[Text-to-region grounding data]
= Beginning of Section =

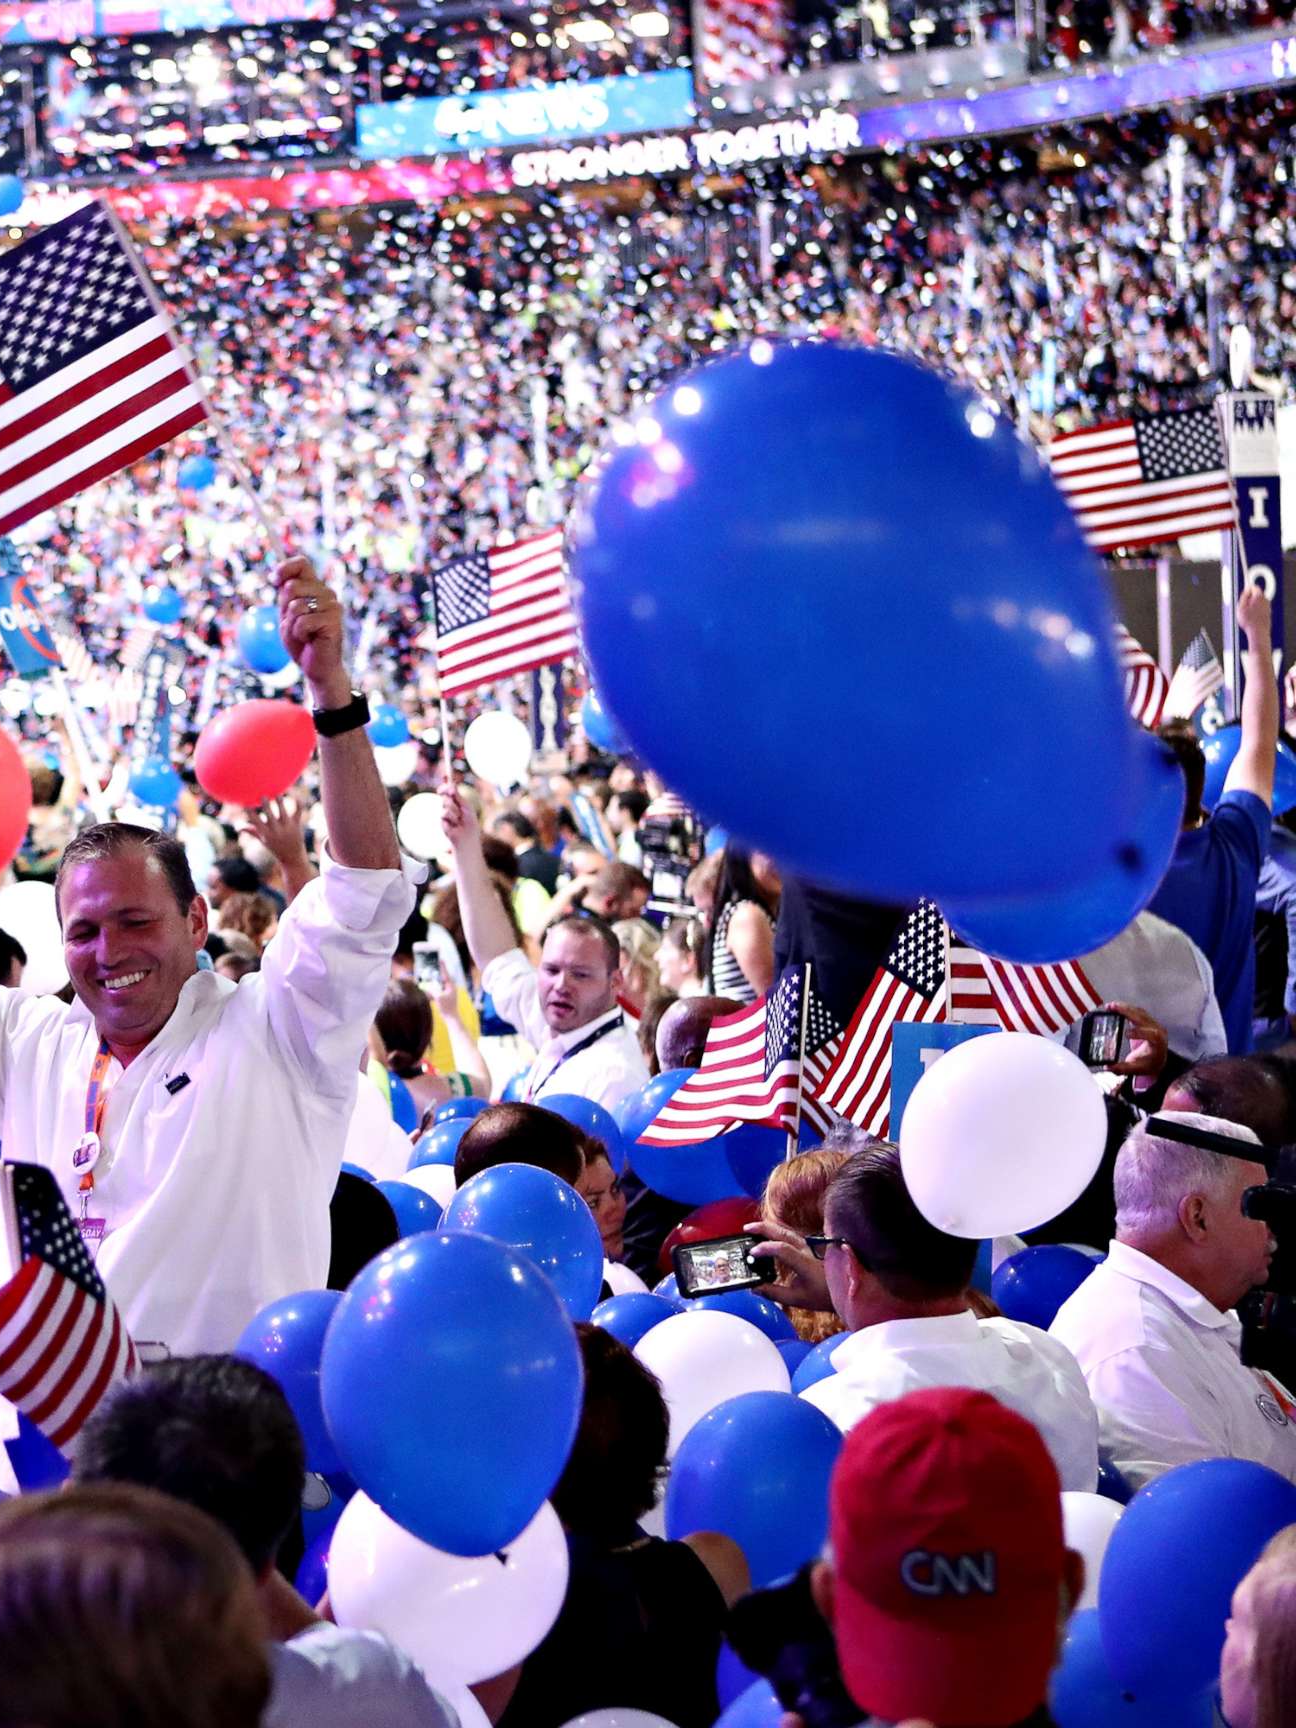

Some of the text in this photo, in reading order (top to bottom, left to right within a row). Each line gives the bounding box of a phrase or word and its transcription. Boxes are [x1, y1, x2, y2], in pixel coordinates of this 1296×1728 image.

[512, 113, 861, 187] STRONGER TOGETHER
[901, 1551, 995, 1595] CNN
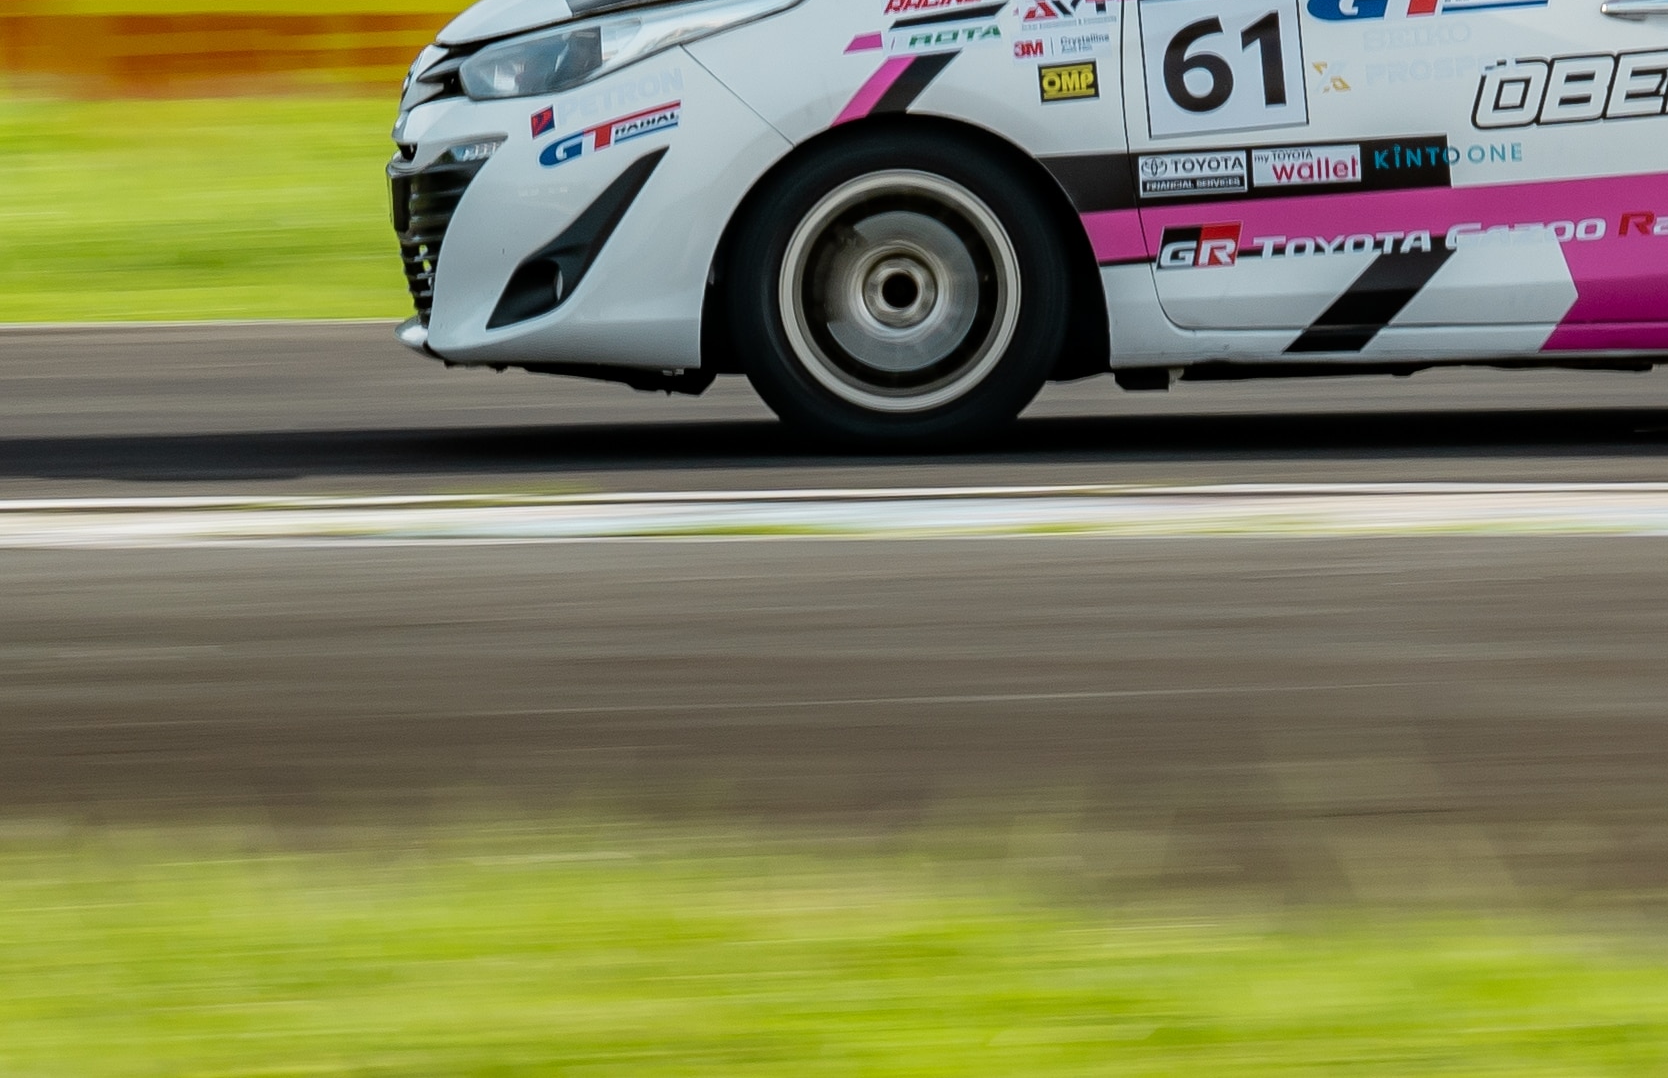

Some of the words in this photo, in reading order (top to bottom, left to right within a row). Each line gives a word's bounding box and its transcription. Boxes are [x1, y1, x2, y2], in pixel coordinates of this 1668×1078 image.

[1014, 39, 1044, 59] 3M
[1162, 10, 1287, 114] 61
[1042, 68, 1095, 96] OMP
[556, 68, 685, 125] PETRON
[1171, 156, 1244, 174] TOYOTA
[1254, 153, 1270, 164] my
[1271, 148, 1314, 161] TOYOTA
[1467, 141, 1523, 164] ONE
[1272, 154, 1358, 184] wallet
[1158, 239, 1238, 268] GR
[1254, 231, 1433, 260] TOYOTA

= End of Section =

Omit all pictures while transcribing the entries verbatim.

Some of the text in this photo, in reading order (top to bottom, left to right within a row). Each line gives the bounding box of a phrase or word and its transcription. Boxes are [x1, y1, x2, y2], in pixel coordinates of this 1296×1728 image.

[512, 113, 861, 187] STRONGER TOGETHER
[901, 1551, 995, 1595] CNN

Some of the words in this photo, in reading order (top to bottom, left to right within a row). Each line gives a word's bounding box and its transcription. Boxes are [x1, y1, x2, y2], in pixel coordinates of this 1668×1078 image.

[1014, 39, 1044, 59] 3M
[1162, 10, 1287, 114] 61
[1042, 68, 1095, 96] OMP
[556, 68, 685, 125] PETRON
[1171, 156, 1244, 174] TOYOTA
[1254, 153, 1270, 164] my
[1271, 148, 1314, 161] TOYOTA
[1467, 141, 1523, 164] ONE
[1272, 154, 1358, 184] wallet
[1158, 239, 1238, 268] GR
[1254, 231, 1433, 260] TOYOTA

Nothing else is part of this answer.